Arkansas Human Cloning Ban Goes Into Effect

State   |   Steven Ertelt   |   Jul 18, 2003   |   9:00AM   |   WASHINGTON, DC

Arkansas Human Cloning Ban Goes Into Effect

by Maria Gallagher Staff Writer
July 18, 2003

Little Rock, AR ( — Arkansas has joined the list of states that have opted to ban human cloning.

The ban, which goes into effect this week, outlaws producing a living organism at any stage of development that is genetically virtually identical to an existing or previously existing human organism.

Those who oppose the law contend it will ban research on fetal stem cells, a practice condemned by the pro-life community because it involves the killing of human embryos.

But one of the bill’s sponsors, Representative Mike Creekmore (D), notes that "the bill that was passed does not ban stem-cell research. In fact it does not even address it at all."

Advocates of embryonic stem cell research maintain that it could hold the key to curing conditions such as Parkinson’s and heart disease, but pro-life activists maintain that there is little evidence to suggest that such research will yield significant results.  In fact, trials involving adult stem cells have proven far more effective than those which rely on embryonic cells.

Under the Arkansas law, human cloning would be considered a felony, punishable with prison sentences as long as ten years and fines as high as $10,000.

According to the U.S. Conference of Catholic Bishops, five states have bans on human cloning for any purpose.

"As long as the federal ban on human cloning remains blocked in the Senate, it will be very important for states to pass their own bans so they will not become havens for this grotesque practice," said Richard Doerflinger, Deputy Director of Pro-Life Activities for the U.S. Conference of Catholic Bishops.

“A growing trend toward state bans on cloning may also encourage federal lawmakers to act," Doerflinger added.  "These state laws are also demonstrating that a ban on human cloning poses no threat to progress in biotechnology and medical research. For example, Michigan became the first state to ban human cloning for research purposes in 1998 — and it has become a leading state in biotechnology development."
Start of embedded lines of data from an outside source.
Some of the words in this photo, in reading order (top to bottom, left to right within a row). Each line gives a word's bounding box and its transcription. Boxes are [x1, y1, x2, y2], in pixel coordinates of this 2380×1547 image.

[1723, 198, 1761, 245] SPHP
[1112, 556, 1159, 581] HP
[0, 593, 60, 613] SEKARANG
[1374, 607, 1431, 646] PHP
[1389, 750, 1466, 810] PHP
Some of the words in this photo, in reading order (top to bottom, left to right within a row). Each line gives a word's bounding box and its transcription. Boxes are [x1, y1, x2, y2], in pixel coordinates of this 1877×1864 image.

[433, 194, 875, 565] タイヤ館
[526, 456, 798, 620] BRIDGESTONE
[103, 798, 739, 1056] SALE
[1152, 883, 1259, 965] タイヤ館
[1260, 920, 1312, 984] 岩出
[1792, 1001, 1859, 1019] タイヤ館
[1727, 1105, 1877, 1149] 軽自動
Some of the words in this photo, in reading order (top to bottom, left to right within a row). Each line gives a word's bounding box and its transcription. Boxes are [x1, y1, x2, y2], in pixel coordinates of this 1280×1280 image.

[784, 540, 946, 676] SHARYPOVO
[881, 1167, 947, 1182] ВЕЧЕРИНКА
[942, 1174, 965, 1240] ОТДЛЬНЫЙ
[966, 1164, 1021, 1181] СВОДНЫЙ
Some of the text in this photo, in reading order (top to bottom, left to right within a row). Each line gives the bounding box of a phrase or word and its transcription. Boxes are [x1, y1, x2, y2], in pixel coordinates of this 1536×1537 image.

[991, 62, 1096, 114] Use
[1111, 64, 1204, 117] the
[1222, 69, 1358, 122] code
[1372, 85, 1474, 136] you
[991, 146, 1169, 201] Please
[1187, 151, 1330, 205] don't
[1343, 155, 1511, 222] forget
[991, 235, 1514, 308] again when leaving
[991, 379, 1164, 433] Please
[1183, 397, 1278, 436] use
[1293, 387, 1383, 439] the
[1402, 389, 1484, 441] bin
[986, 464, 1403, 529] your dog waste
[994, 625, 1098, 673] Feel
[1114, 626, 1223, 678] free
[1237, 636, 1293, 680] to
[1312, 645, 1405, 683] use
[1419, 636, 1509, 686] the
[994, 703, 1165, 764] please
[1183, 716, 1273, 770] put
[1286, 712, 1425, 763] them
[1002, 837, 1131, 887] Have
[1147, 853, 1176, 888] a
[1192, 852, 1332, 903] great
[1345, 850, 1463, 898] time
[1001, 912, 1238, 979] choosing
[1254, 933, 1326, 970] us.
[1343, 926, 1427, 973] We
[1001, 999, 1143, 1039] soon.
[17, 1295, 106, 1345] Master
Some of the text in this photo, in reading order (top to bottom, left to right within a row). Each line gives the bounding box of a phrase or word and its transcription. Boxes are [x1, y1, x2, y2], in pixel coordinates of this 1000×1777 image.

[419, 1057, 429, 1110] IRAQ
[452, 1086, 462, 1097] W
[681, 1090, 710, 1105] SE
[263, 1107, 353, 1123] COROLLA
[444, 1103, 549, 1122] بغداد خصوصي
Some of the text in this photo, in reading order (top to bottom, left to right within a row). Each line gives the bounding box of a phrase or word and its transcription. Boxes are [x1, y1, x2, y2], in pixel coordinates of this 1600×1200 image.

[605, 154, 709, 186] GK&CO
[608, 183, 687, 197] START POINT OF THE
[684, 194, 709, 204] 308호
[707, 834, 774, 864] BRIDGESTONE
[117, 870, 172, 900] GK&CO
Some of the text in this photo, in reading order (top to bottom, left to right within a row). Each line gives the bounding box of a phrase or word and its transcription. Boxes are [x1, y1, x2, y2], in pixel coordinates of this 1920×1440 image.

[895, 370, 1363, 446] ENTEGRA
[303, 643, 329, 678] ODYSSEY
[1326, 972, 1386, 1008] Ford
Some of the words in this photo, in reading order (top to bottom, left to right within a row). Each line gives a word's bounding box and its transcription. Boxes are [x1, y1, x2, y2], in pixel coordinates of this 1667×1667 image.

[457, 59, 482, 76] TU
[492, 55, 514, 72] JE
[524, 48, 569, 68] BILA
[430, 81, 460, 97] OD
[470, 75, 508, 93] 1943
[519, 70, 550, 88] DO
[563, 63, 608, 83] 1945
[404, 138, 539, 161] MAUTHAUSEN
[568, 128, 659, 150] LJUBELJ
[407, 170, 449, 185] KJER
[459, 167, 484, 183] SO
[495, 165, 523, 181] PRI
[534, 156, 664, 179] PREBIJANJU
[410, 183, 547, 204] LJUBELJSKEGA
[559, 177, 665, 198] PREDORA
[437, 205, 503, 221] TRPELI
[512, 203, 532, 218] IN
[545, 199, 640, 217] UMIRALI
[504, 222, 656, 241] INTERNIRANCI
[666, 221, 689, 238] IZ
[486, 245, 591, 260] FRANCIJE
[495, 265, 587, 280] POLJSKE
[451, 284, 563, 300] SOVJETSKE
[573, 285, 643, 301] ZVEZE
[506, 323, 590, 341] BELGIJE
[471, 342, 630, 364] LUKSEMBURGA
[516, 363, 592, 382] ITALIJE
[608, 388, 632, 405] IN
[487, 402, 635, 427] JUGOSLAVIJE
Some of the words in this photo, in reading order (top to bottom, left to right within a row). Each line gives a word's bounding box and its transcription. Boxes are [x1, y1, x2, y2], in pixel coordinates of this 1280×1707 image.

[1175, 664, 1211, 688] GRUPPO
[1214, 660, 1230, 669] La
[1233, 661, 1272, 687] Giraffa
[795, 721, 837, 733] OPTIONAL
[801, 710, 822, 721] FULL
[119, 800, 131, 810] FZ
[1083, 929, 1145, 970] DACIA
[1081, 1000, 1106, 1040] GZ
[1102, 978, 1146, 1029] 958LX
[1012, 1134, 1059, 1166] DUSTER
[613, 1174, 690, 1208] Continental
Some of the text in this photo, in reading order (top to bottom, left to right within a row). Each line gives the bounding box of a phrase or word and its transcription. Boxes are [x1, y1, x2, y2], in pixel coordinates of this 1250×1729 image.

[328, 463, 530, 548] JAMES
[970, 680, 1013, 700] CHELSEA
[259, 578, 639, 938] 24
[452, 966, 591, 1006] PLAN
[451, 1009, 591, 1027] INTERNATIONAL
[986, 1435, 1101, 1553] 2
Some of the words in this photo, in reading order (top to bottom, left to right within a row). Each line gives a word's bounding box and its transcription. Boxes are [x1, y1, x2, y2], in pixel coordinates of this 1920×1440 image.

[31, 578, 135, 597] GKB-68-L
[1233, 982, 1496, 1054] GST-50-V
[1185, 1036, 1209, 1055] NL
The Arkansas ban, known as SB 185, was approved 88-5 in the state House and 34-0 in the state Senate. In March, when Arkansas Governor Mike Huckabee signed the bill into law, Douglas Johnson, Legislative Director for National Right to Life, said, "We commend the legislature and Governor Huckabee for taking decisive action to prevent human embryo farming and human fetus farming in Arkansas."